それを「書く」行為だと勘違いしていたなんて。なんて浅はかなんだろう。
出来上がった物は、中途半端に咀嚼された劣化品。だからつまらない物ばかりだったんだ。
とすると、僕は最低のシェフだ。
提供するのは、自分が食べた物を体内で消化して、それを吐き出して皿に盛っただけの、最低の料理。いや、料理とも言えない汚物だ。
そんな物を、出し続けていたなんて――。


理解したかい? 君がやって来たのは、「そういうこと」だったんだよ。
わかったなら、もうここには用はないだろう?
君には「何かを書きたい」なんて欲求はなかったんだ。あったのは、人真似のレシピですらない、人の料理を食べたのを吐き出したいという欲求だけ。
君自身が「何かを書く」なんてことは無理だったんだよ。借り物の言葉、借り物の意見、文字すら借り物だ。
僕は知ってるんだぜ。君の文字が、このネットで表示されるそれといかにかけ離れているかをね。
だから、理解したなら、もうお休み。


「でも、わからないことがあるんだ」
「わからないことって?」
「僕は……確かに君の言うような、そんな存在かも知れない。けど、今こうして書いてる僕は何なの? 僕はあれから何かを読んだりしてない。

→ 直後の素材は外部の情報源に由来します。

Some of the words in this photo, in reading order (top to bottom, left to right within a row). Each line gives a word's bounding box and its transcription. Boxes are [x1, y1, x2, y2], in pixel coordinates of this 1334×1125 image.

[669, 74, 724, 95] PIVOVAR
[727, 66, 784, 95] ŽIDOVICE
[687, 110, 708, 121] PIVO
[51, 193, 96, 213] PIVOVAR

 なのに、書けなかった僕が、今またこうして書きたくて堪らないんだ。
 これを書いてる今も、つまらないと自覚している。
 自意識丸出しで、意味不明で、途中で視点を変えているつもりなんだろうけど上手くいってなくて、語法も統一されてなくて、本当につまらない文章だと思う。
 けど……」
「けど?」
「けど、きっと、『書きたい』んだ。
 理由なんてない。猿真似しただけの言葉かも知れない。ステレオタイプの意見しか言えないかも知れない。

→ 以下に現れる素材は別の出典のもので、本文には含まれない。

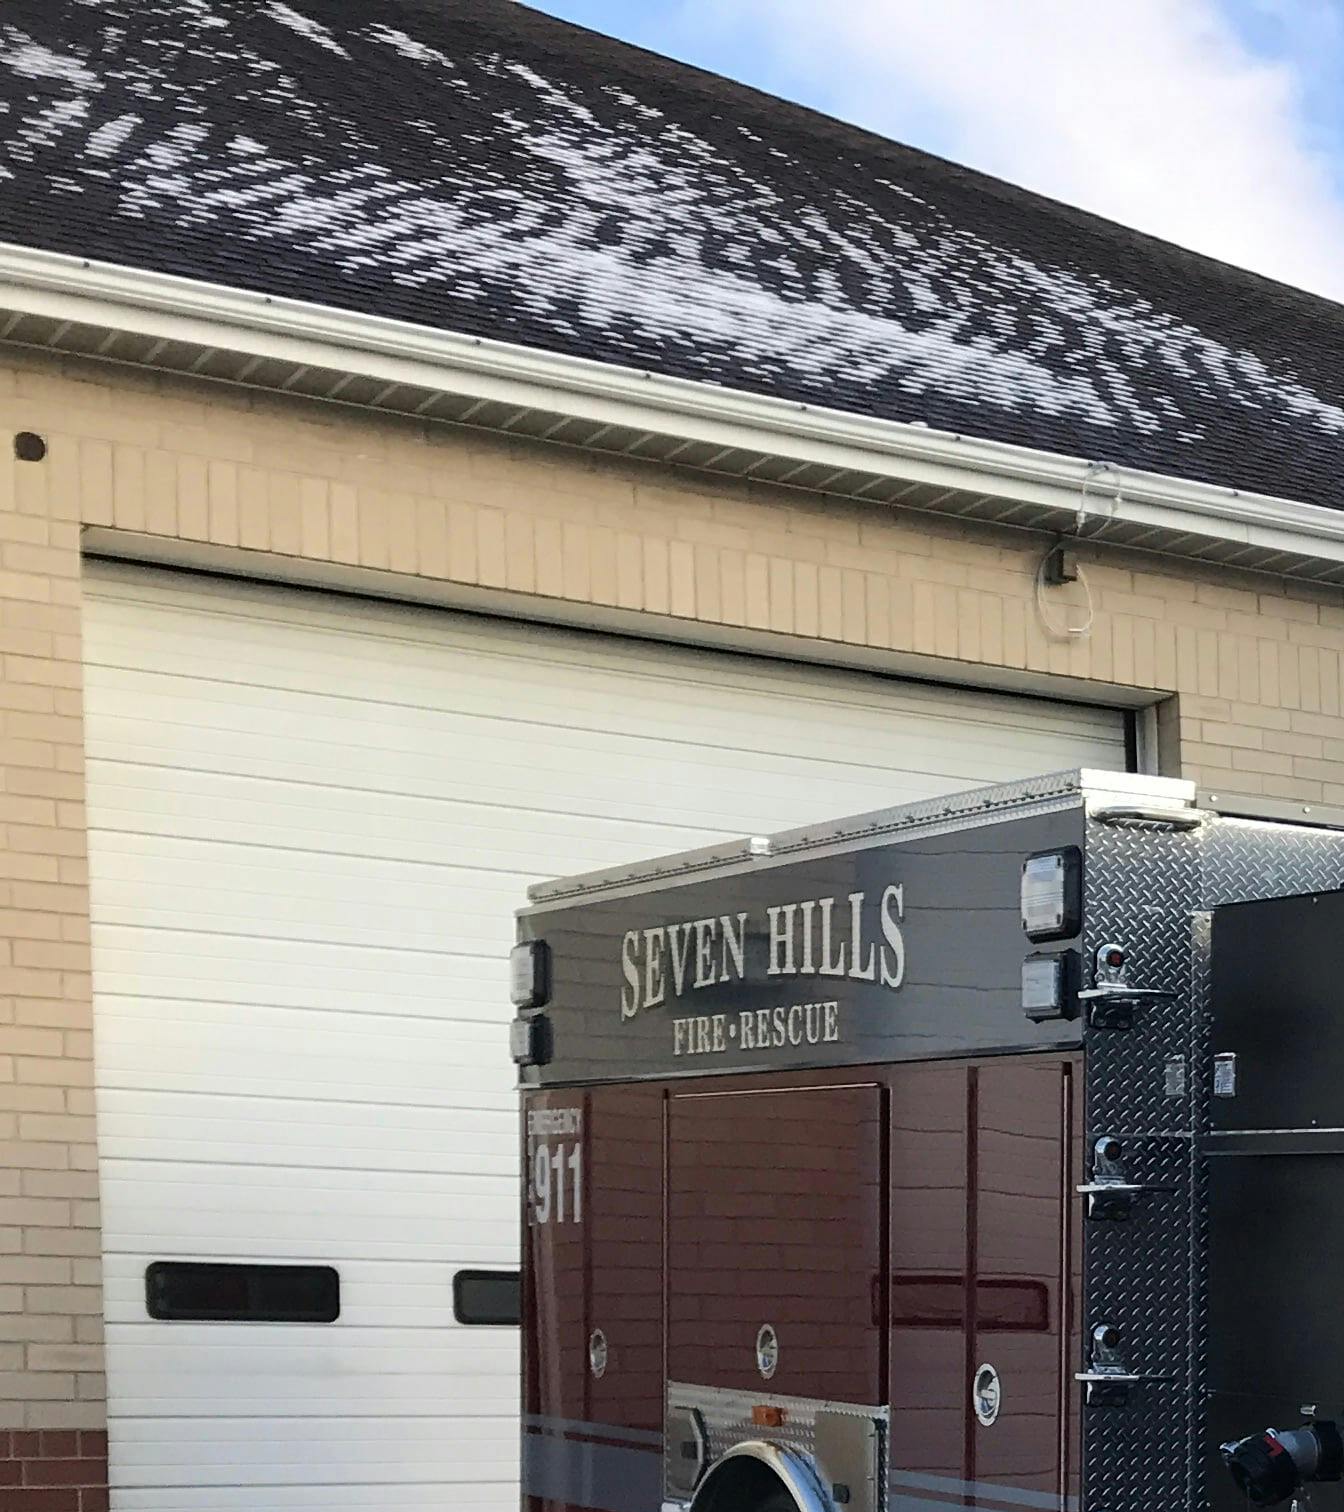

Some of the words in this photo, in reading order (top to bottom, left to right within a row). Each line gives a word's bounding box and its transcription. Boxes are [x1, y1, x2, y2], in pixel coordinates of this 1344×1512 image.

[620, 912, 748, 1022] SEVEN
[766, 883, 906, 988] HILLS
[535, 1142, 581, 1224] 911
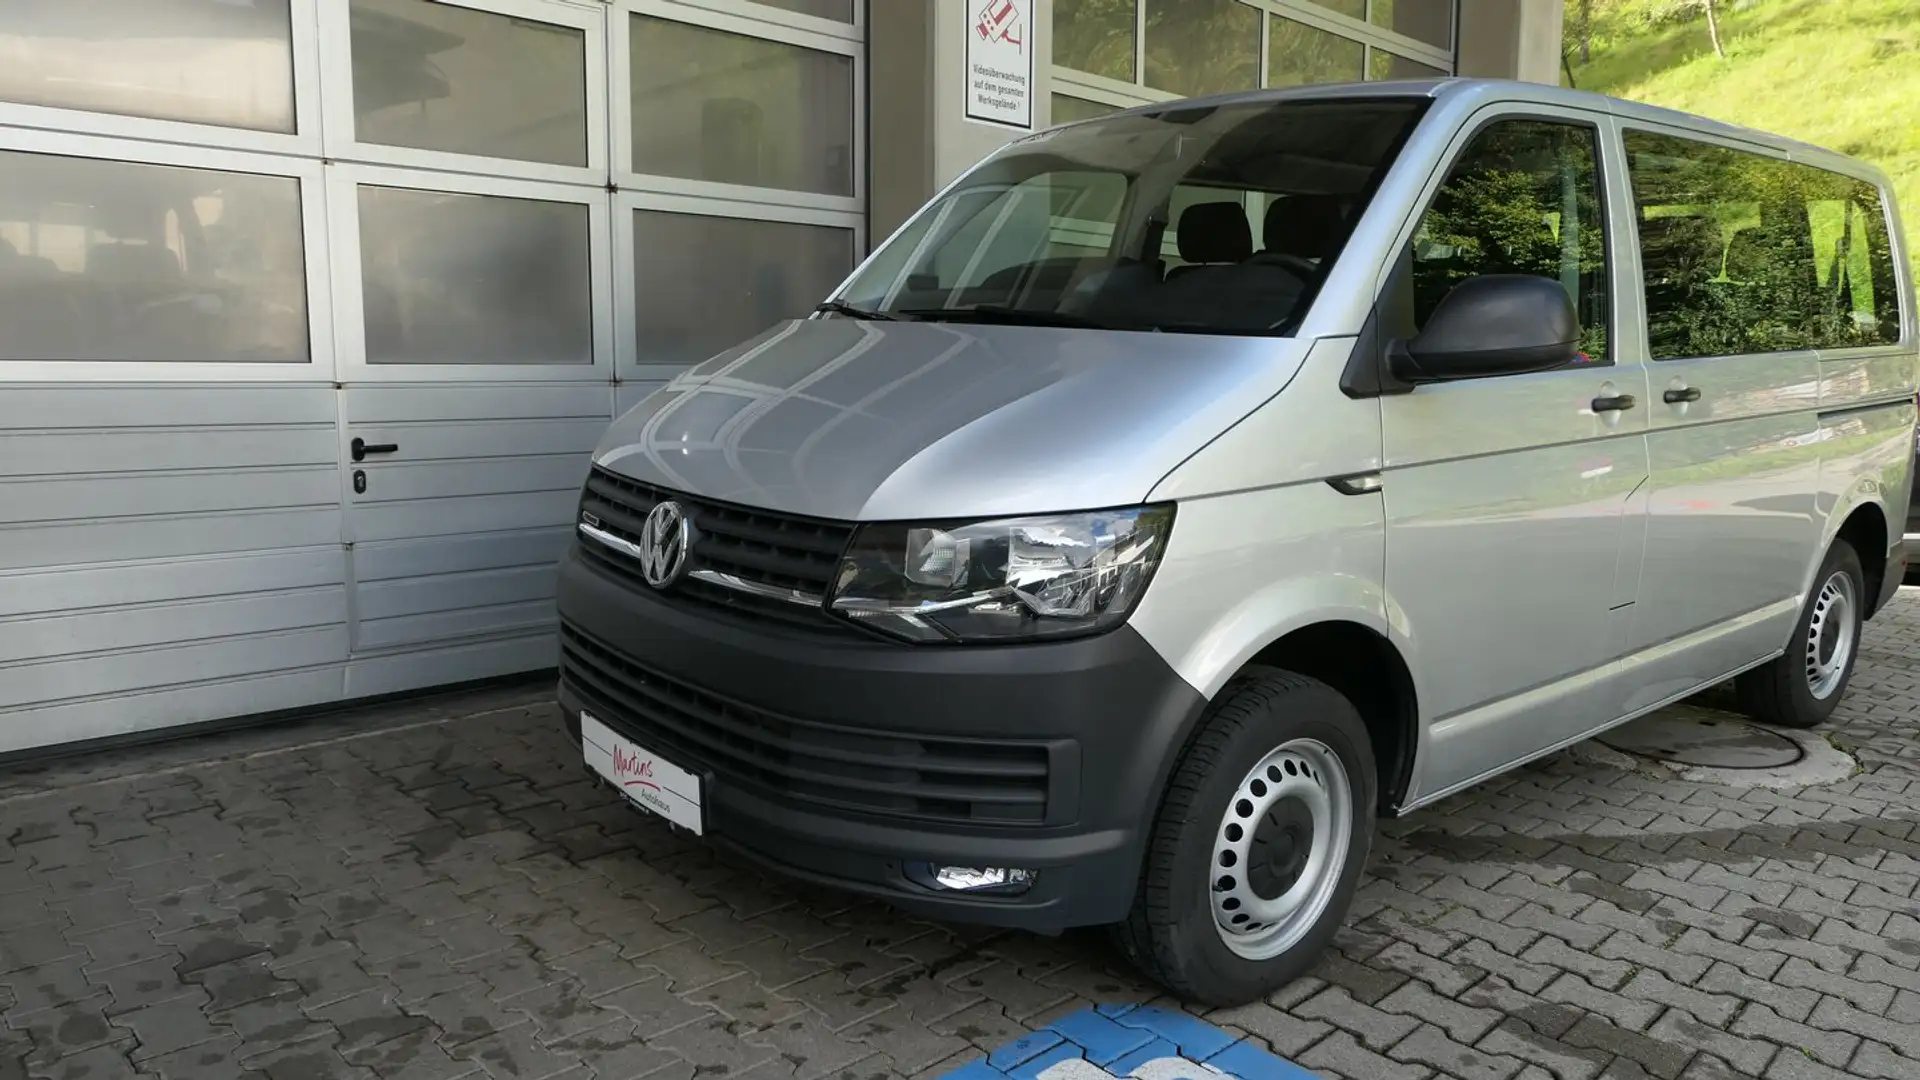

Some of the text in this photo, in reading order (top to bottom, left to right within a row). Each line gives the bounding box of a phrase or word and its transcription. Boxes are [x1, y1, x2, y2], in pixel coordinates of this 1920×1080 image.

[973, 64, 1025, 86] Videoüberwachung
[974, 79, 984, 89] auf
[998, 84, 1024, 97] gesamten
[613, 743, 653, 778] Martins
[641, 788, 671, 813] Autohaus

 でも、それでも『書きたい』。うん、書きたいんだよ。
 これだけは、多分本当なんだ」
「……ふーん。で、それが本当だったとして、どうするの?」
「これが本当なら、それはもう十分な理由なんだよ。つまらなくても、読む人がいなくても、馬鹿にされても、呆れられても、それでも十分過ぎるくらいに」
「なら、これからも書き続ける?」
「多分。書きたいって気持ちが、消えるまでは。
 いや、違うな。きっと書きたいって気持ちは、生まれたり消えたりする物なんだ。それで、書きたい時だけ、僕は書くよ。たとえどんなにつまらなくても、書かないよりはマシだからね。
 だって、何よりまず、書きたいんだから」
なるほど。つまり、書きたい時ならつまらない物を書いても苦痛じゃないってことだね。そして、書きたくない時に、つまらない物を書くほど苦痛なことはない」
「そうだね」
「じゃぁ、そろそろ今日の日記はお終いだね」
「うん。だんだん、勢いだけで書いていたのが、つまらなくなってきたからね。
 重要なのは、書いてる内容がつまらないかどうかじゃなかったんだ。書くという行為がつまらないかどうかだったんだよ」
「自分が楽しいから、楽しい間だけ書く、ってことだね。いやはやなんとも、自慰行為と呼ぶに相応しいよ」
「自覚してるさ、きっと」
「そうだね」
「それじゃぁ、今日はお終い。
 実はさ、一週間くらい実家で自転車レストアしたりすることになったんだよね。